### [Aim of the task]
Leave every picture behind and copy the rest of the entries below exactly.

[Free-text object descriptions]
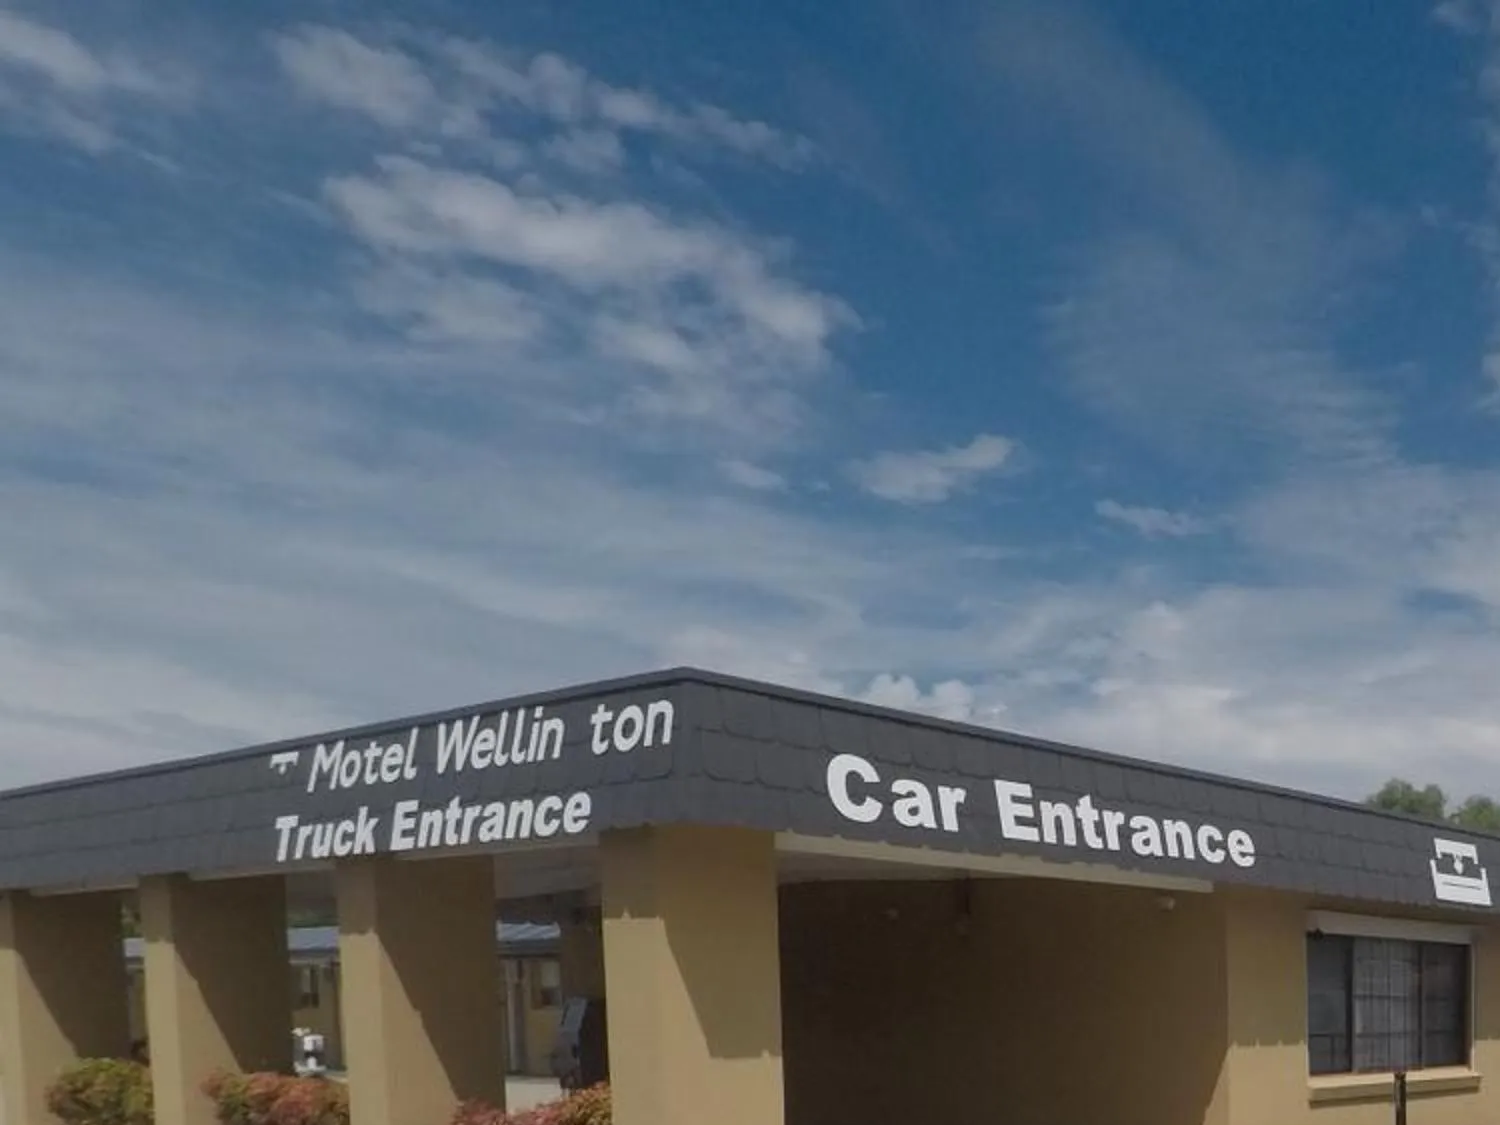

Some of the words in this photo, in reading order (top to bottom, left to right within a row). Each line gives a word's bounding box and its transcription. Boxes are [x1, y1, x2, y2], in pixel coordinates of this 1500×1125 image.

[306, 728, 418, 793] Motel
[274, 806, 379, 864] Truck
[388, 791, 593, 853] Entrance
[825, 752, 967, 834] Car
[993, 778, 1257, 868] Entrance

### [Exercise result]
Some of the words in this photo, in reading order (top to bottom, left to right within a row). Each line gives a word's bounding box and its transcription. Boxes are [x1, y1, x2, y2], in pixel coordinates of this 1500×1125 image.

[306, 728, 418, 793] Motel
[274, 806, 379, 864] Truck
[388, 791, 593, 853] Entrance
[825, 752, 967, 834] Car
[993, 778, 1257, 868] Entrance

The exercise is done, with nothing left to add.